Estou a pensar que do capital teconologico, do financeiro e do humano, este ultimo é o unico que se auto-reproduz. Po-lo a render supera em larga escala qualquer investimento que se faça no tecnologico ou no financeiro. Invista no capital humano! Invista em si e nos potenciais tesouros humanos que o rodeiam! É como ganhar o Euromilhões!!!!!

quarta-feira, 23 de janeiro de 2013


Pego no livro de Daniel Cohn-Bendit e Guy Verhofstadt sobre a Europa. Advogam uma revolução post-nacional. Primeira página? O de sempre. "Estamos a ser iltrapassados por..." Mau humor. Começamos mal. Continuo. "A Europa é um Continente de cabelos grisalhos..." E?, pergunto-me. Qual o mal? Somos um peso?

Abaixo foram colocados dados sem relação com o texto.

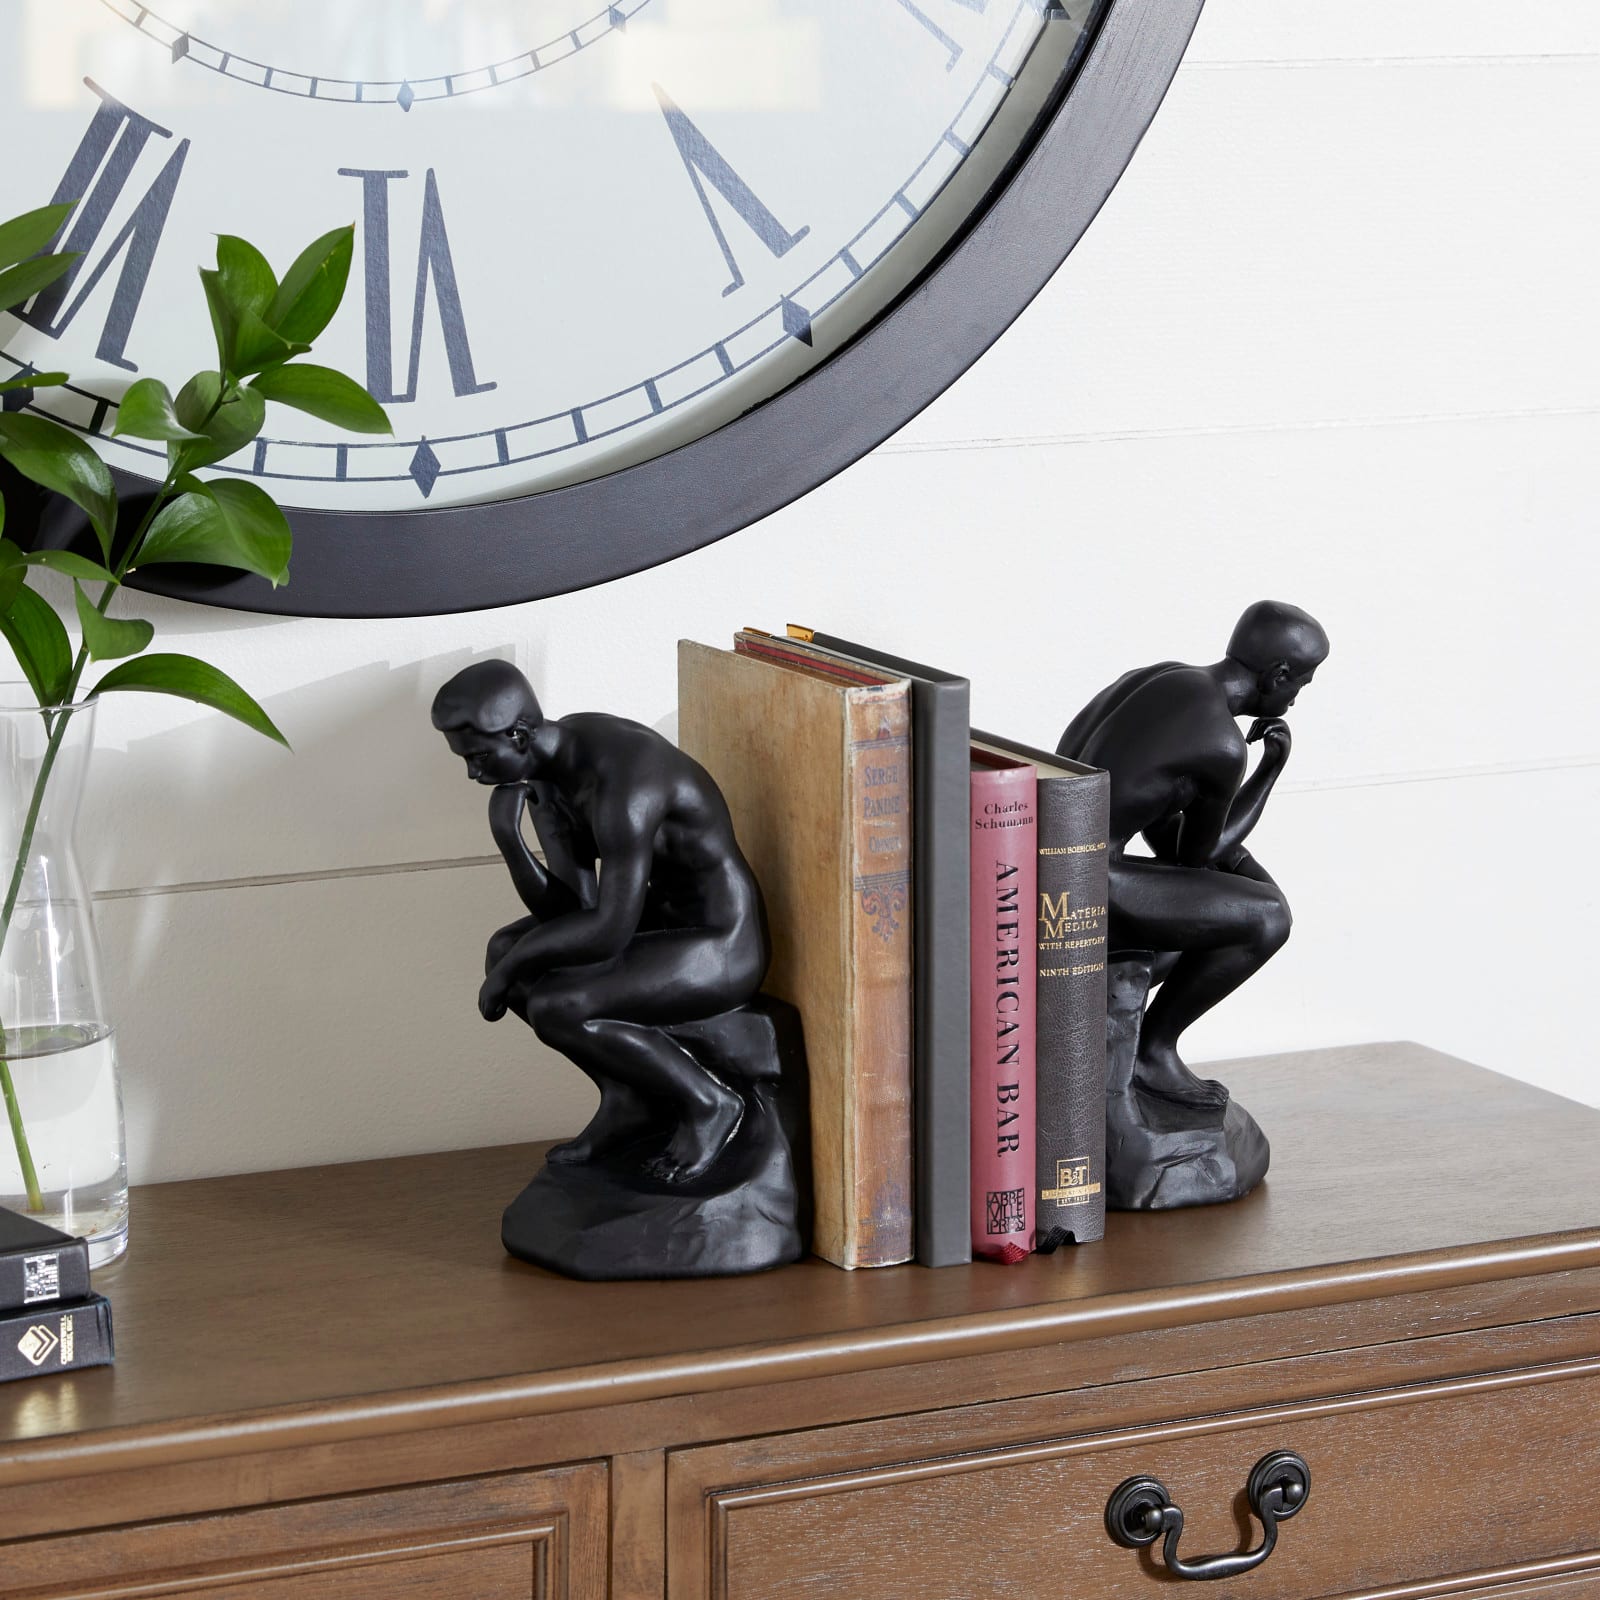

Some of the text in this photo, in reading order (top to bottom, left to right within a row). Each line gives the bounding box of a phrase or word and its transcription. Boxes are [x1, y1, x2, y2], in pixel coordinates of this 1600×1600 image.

Somos um desperdício? Somos emplastros? A verdadeira revolução poderia vir destes cabelos grisalhos cheios de experiência, cheios de vida e ainda cheios de energia. Porque se faz este raciocinio tão basico? Eu sou grisalha e vejo que tenho tanta ou mais energia, curiosidade, capacidade inovadora e de adaptação que os milhões de jovens que andam pelo mundo. Não somos um peso, não! Somos o capital humano mais qualificado que a Historia da Humanidade jamais produziu. No dia em que nos fartarmos de ser vistos como chumbo num mundo volatil, efímero e transitorio. Pego no "Riem ne s'oppose à la vie", da Delphine de Vigan. Um romance sobre a mãe. Muito mais construtivo e enriquecedor.

terça-feira, 22 de janeiro de 2013


Um dia ainda hei-de escrever a sério sobre os peitilhos enervantes, camisolas de lã picantes, os collants escorregadiços, as botas de chumbo, as gabardines de oleado, as saias de flanela grossa, os passe-montanha da mesma lã picante, as pastas de carneira, os pães com manteiga acumulados no fundo das mesmas, o papel encerado, estrela do ano, que forrava cadernos e livros, a inestimável pedra-pomes, complemento inseparável da caneta de tinta permanente, o cheiro do leite quente no tupperware...meu Deus, que enjôo...os papeis dourados e prateados das estrelas de Natal...e tantos outros postais partilhados com tantas pessoas que, por terem vivido, sentem o mesmo que eu. Estamos juntos nesse olhar sobre um passado comum e isso é alegria no estado puro!